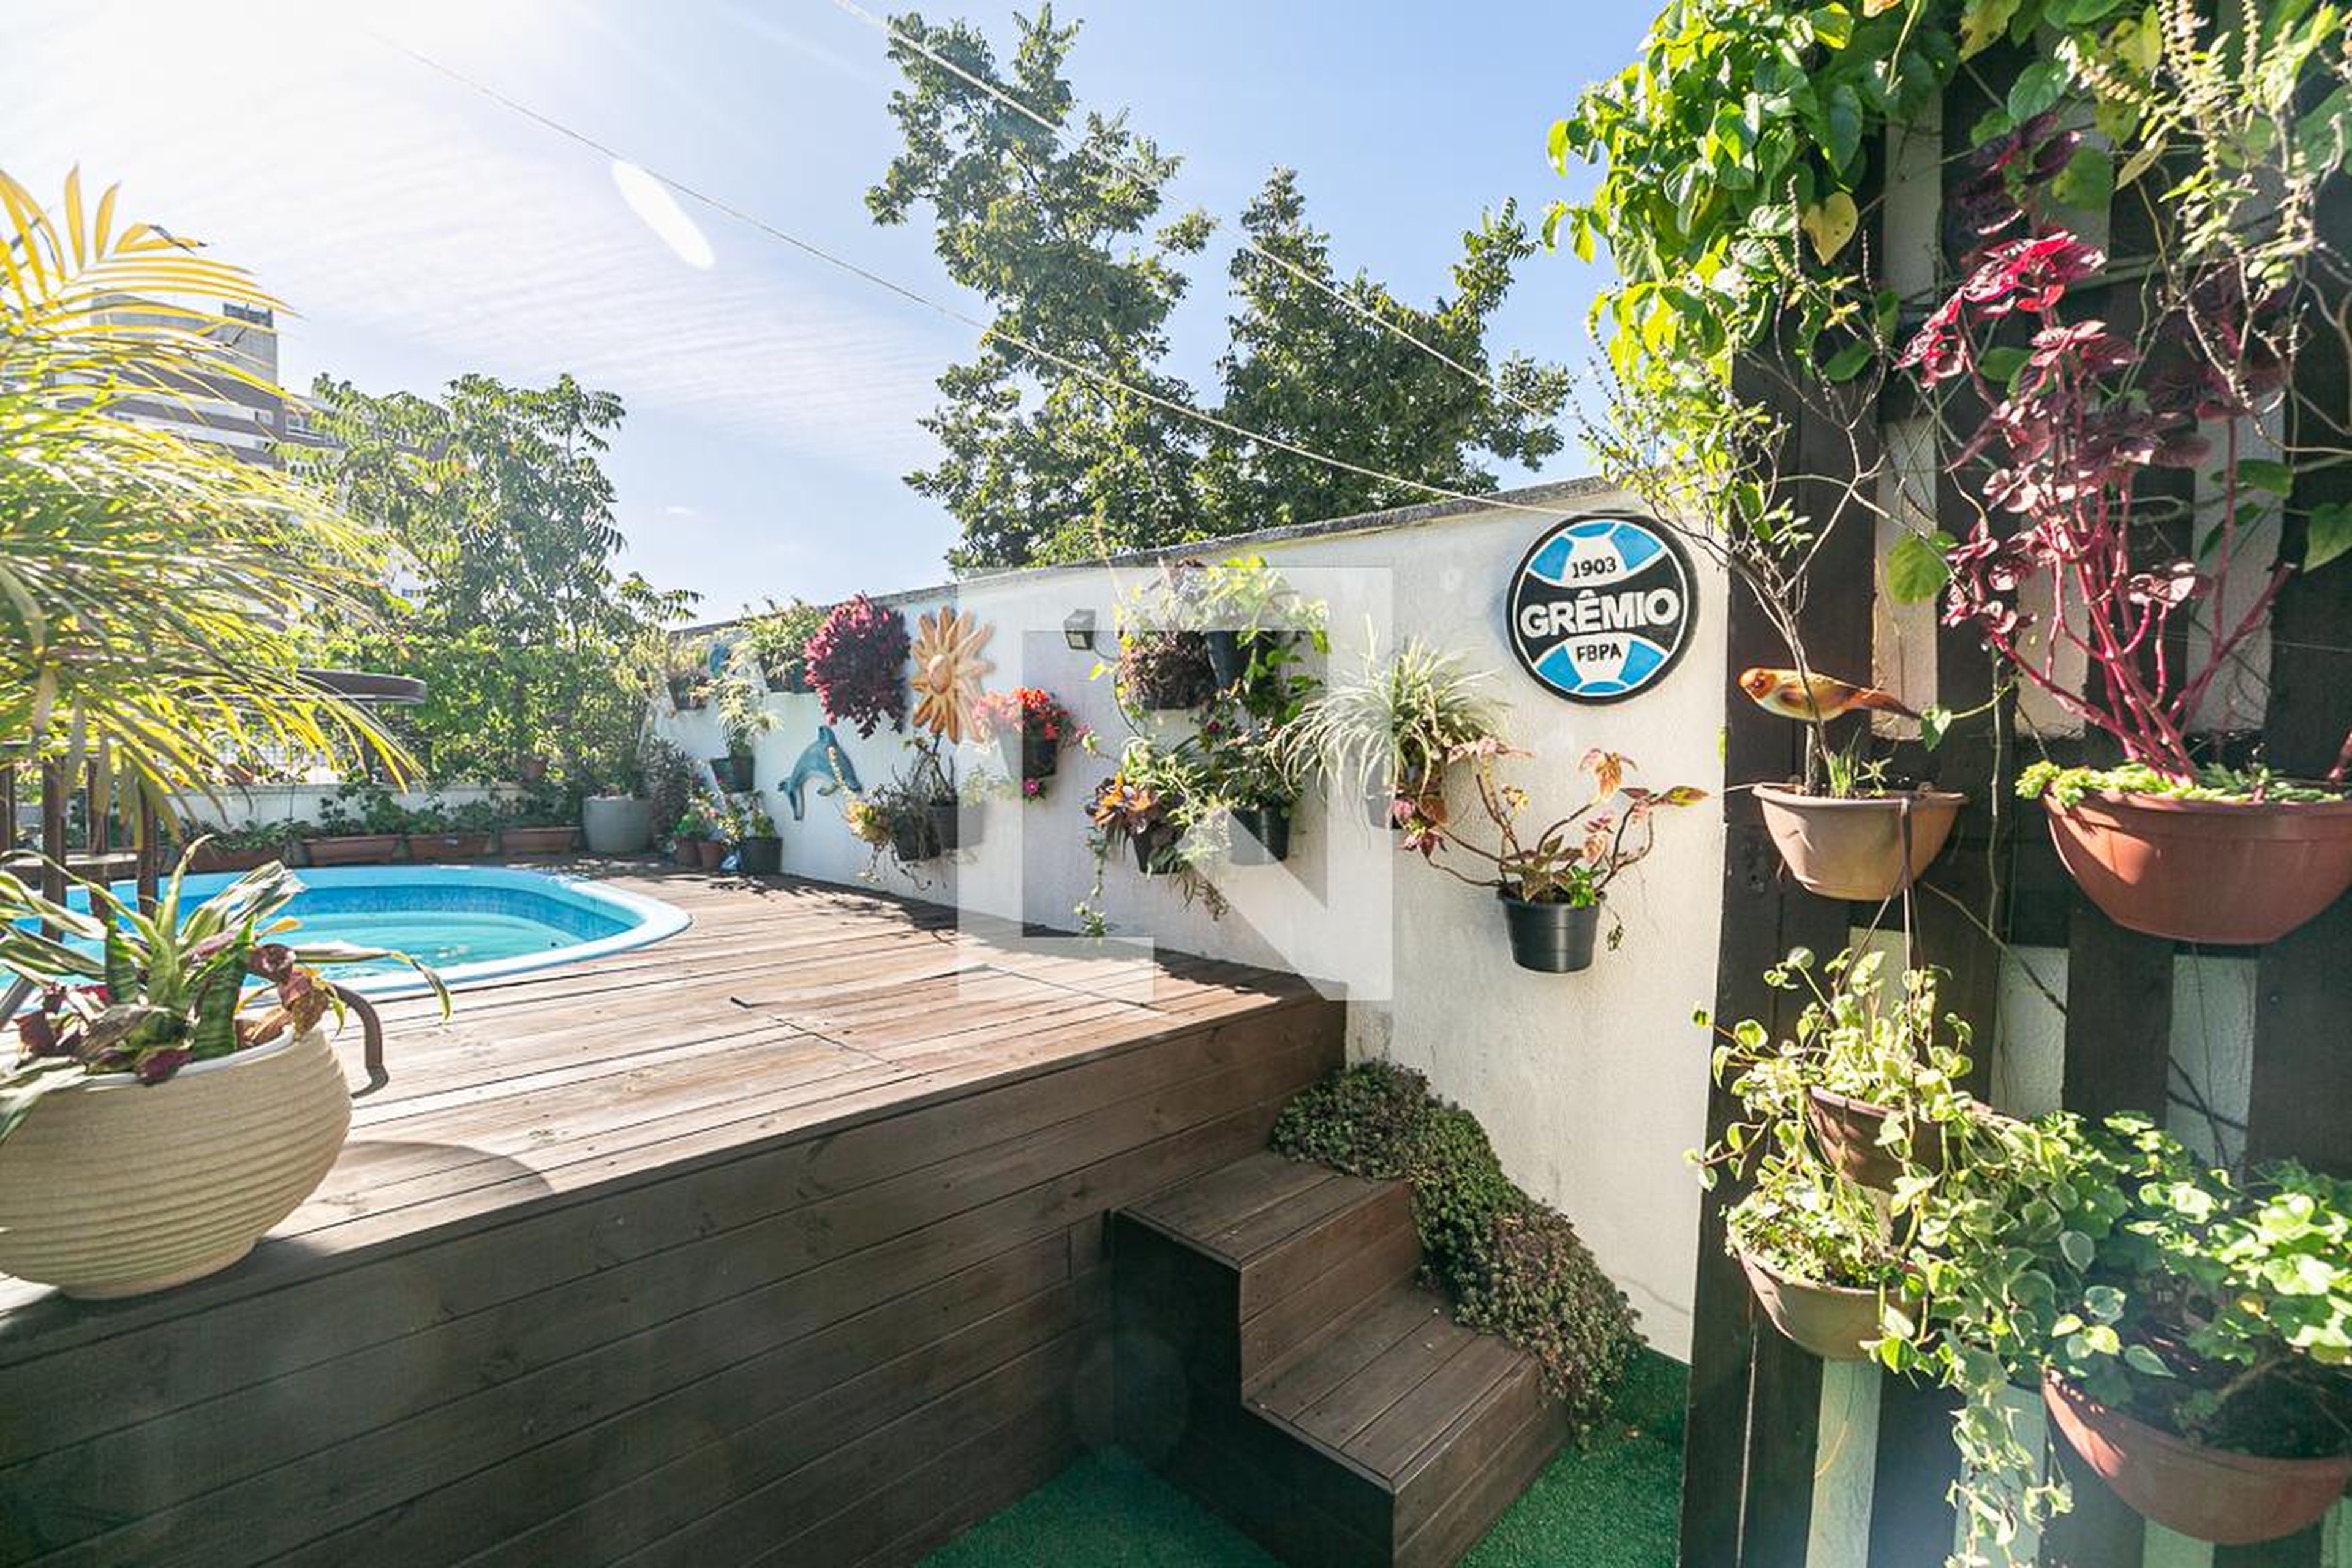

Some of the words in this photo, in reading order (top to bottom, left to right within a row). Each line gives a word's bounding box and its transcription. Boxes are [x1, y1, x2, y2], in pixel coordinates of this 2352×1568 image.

[1572, 557, 1617, 578] 1903
[1520, 588, 1680, 638] GRÊMIO
[1576, 643, 1622, 662] FBPA
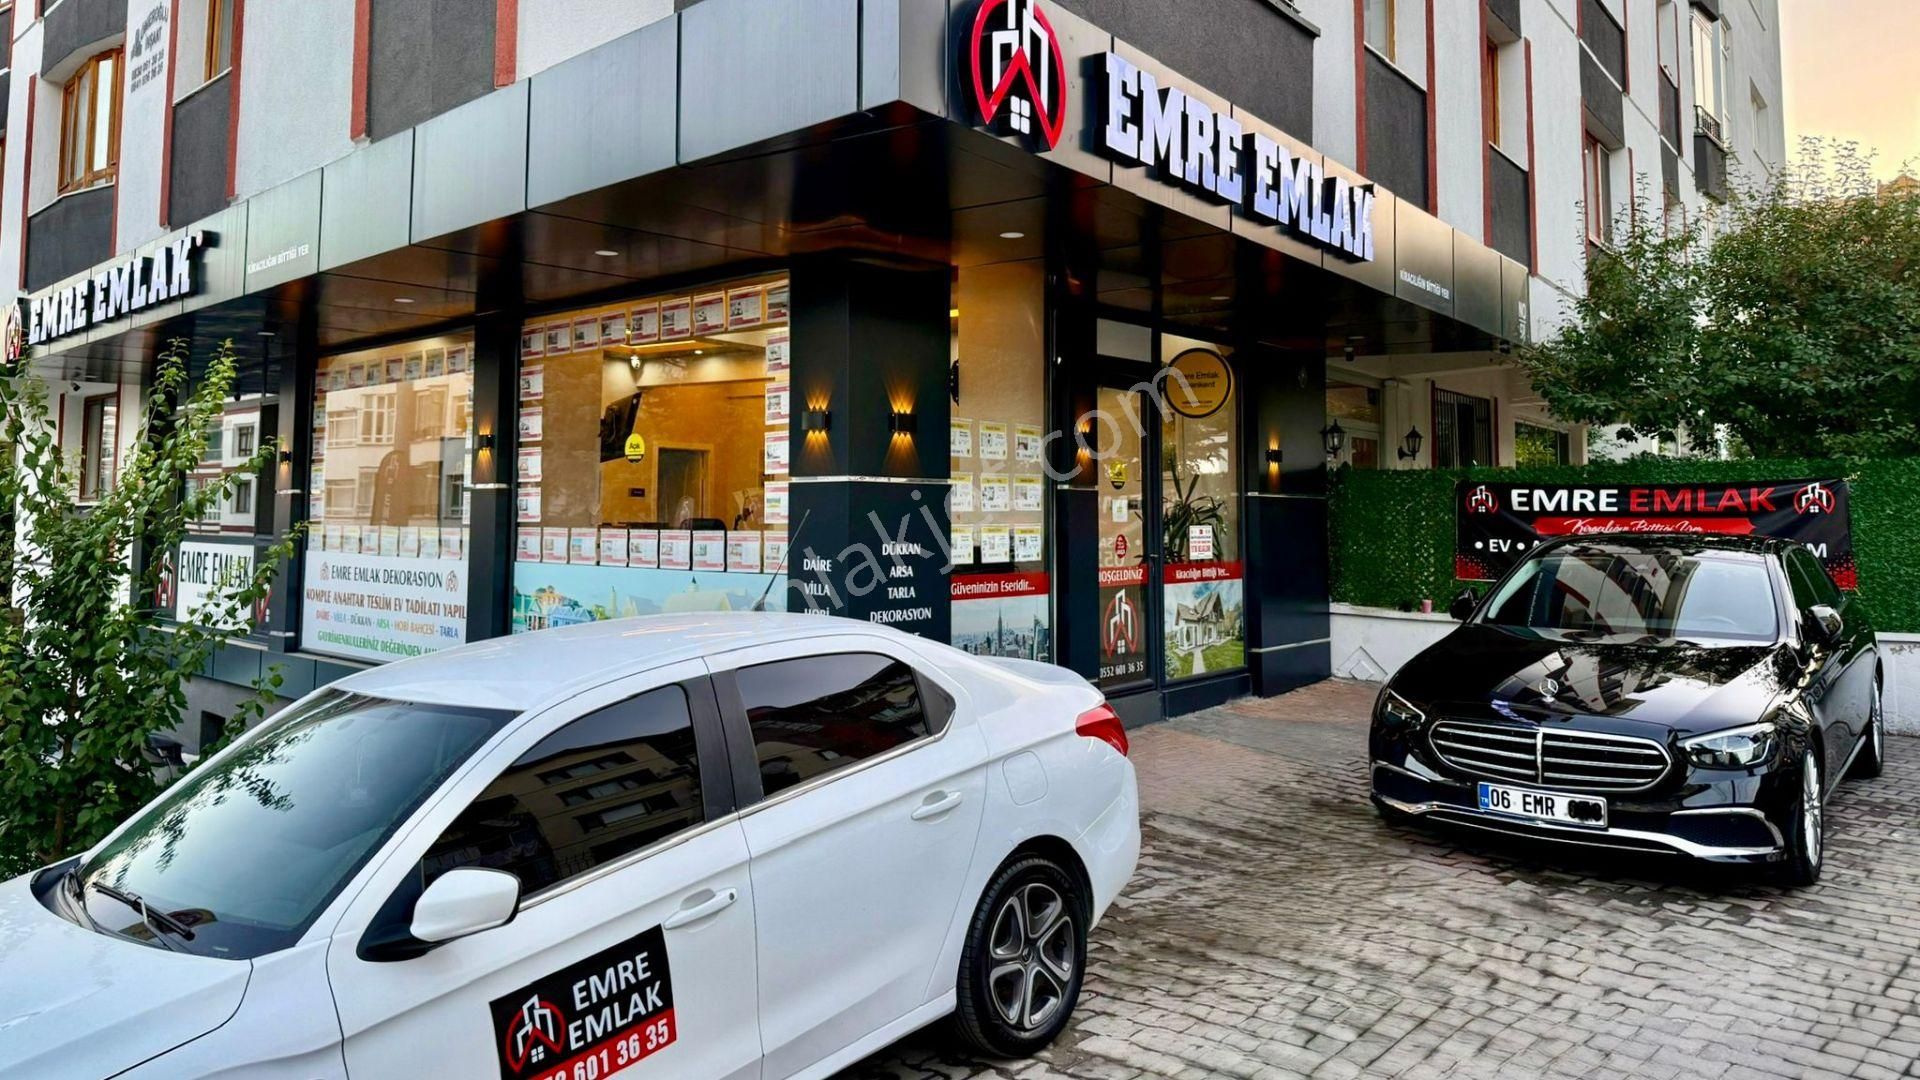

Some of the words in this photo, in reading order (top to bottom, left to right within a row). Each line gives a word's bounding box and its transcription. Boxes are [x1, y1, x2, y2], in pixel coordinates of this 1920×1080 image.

[1106, 51, 1243, 204] EMRE
[1254, 132, 1375, 262] EMLAK
[29, 280, 88, 345] EMRE
[92, 236, 192, 324] EMLAK
[1510, 488, 1619, 512] EMRE
[1630, 487, 1776, 513] EMLAK
[881, 542, 921, 556] DÜKKAN
[1489, 539, 1511, 552] EV
[181, 551, 209, 585] EMRE
[803, 556, 832, 572] DAİRE
[889, 566, 914, 578] ARSA
[331, 564, 352, 582] EMRE
[353, 567, 381, 584] EMLAK
[383, 569, 444, 589] DEKORASYON
[804, 580, 831, 596] VİLLA
[887, 587, 916, 599] TARLA
[951, 581, 999, 596] Güveninizin
[333, 593, 365, 608] ANAHTAR
[367, 593, 393, 612] TESLİM
[394, 599, 404, 612] EV
[406, 597, 441, 616] TADİLATI
[870, 607, 932, 623] DEKORASYON
[440, 625, 459, 640] TARLA
[1490, 788, 1511, 809] 06
[1522, 793, 1555, 817] EMR
[572, 951, 652, 1011] EMRE
[567, 980, 664, 1051] EMLAK
[573, 1048, 609, 1080] 601
[616, 1033, 641, 1066] 36
[646, 1018, 670, 1051] 35
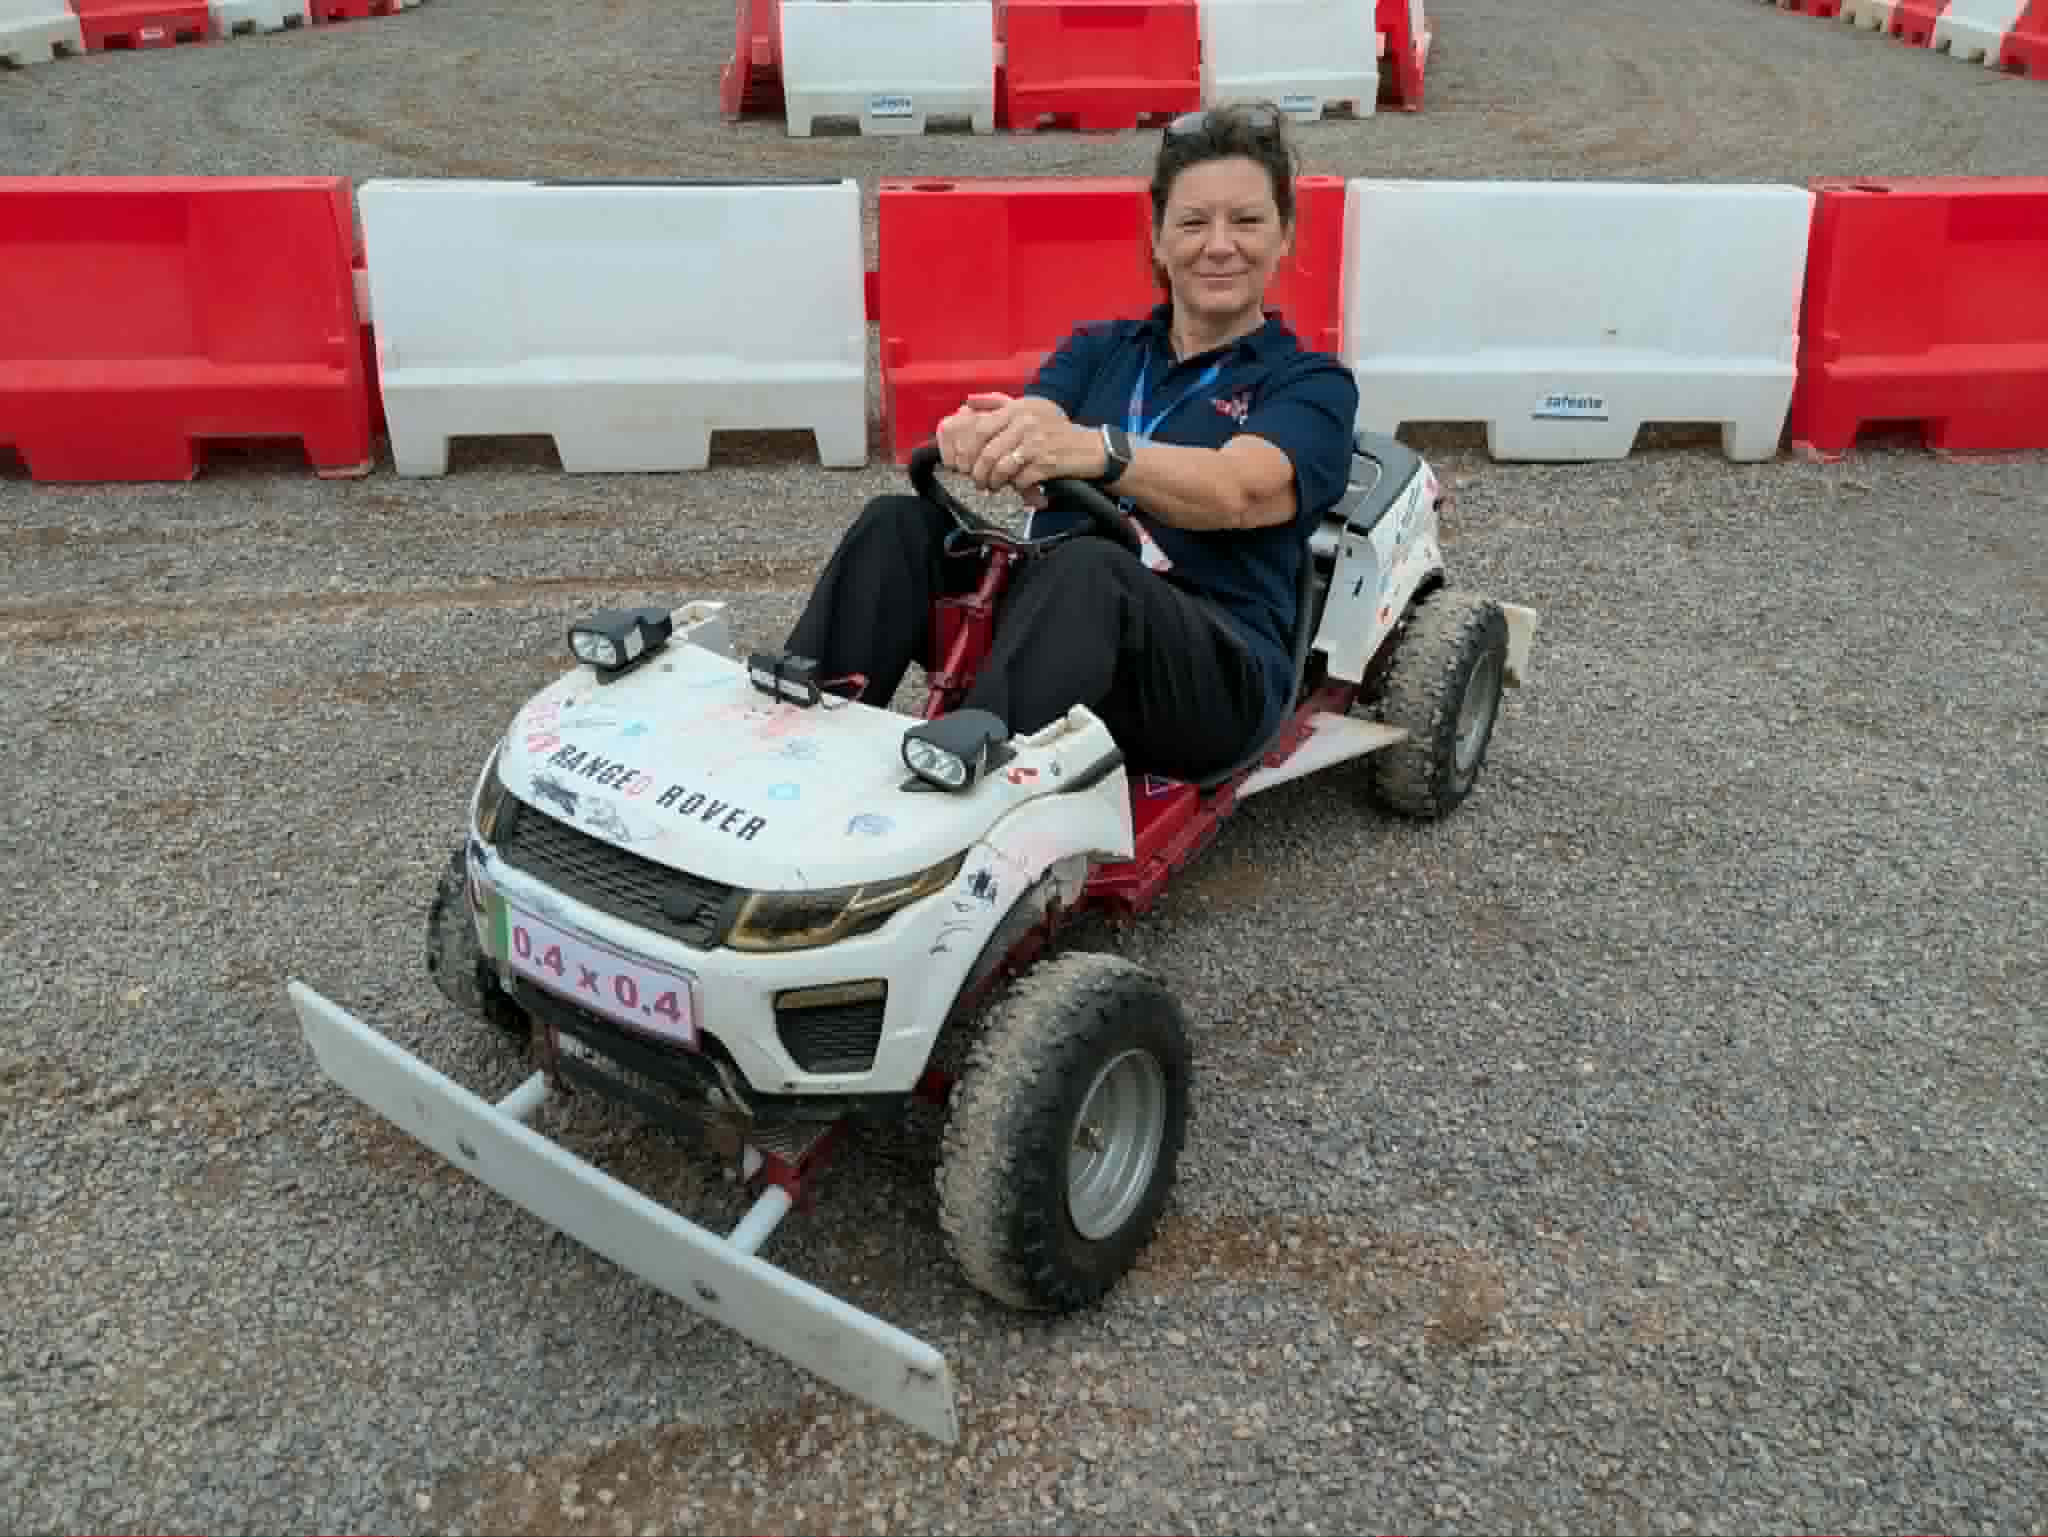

================

- _PROBLEM STATEMENT_:
Make an exact copy of the records above. Keep out every picture.

- _RESPONSE TO THE EXERCISE_:
Some of the words in this photo, in reading order (top to bottom, left to right within a row). Each line gives a word's bounding box and its transcription. Boxes are [x1, y1, x2, y2], in pixel coordinates of this 2352×1568 image.

[1572, 557, 1617, 578] 1903
[1520, 588, 1680, 638] GRÊMIO
[1576, 643, 1622, 662] FBPA

Some of the words in this photo, in reading order (top to bottom, left to right within a row). Each line gives a word's bounding box and its transcription. Boxes are [x1, y1, x2, y2], in pixel coordinates of this 1920×1080 image.

[1106, 51, 1243, 204] EMRE
[1254, 132, 1375, 262] EMLAK
[29, 280, 88, 345] EMRE
[92, 236, 192, 324] EMLAK
[1510, 488, 1619, 512] EMRE
[1630, 487, 1776, 513] EMLAK
[881, 542, 921, 556] DÜKKAN
[1489, 539, 1511, 552] EV
[181, 551, 209, 585] EMRE
[803, 556, 832, 572] DAİRE
[889, 566, 914, 578] ARSA
[331, 564, 352, 582] EMRE
[353, 567, 381, 584] EMLAK
[383, 569, 444, 589] DEKORASYON
[804, 580, 831, 596] VİLLA
[887, 587, 916, 599] TARLA
[951, 581, 999, 596] Güveninizin
[333, 593, 365, 608] ANAHTAR
[367, 593, 393, 612] TESLİM
[394, 599, 404, 612] EV
[406, 597, 441, 616] TADİLATI
[870, 607, 932, 623] DEKORASYON
[440, 625, 459, 640] TARLA
[1490, 788, 1511, 809] 06
[1522, 793, 1555, 817] EMR
[572, 951, 652, 1011] EMRE
[567, 980, 664, 1051] EMLAK
[573, 1048, 609, 1080] 601
[616, 1033, 641, 1066] 36
[646, 1018, 670, 1051] 35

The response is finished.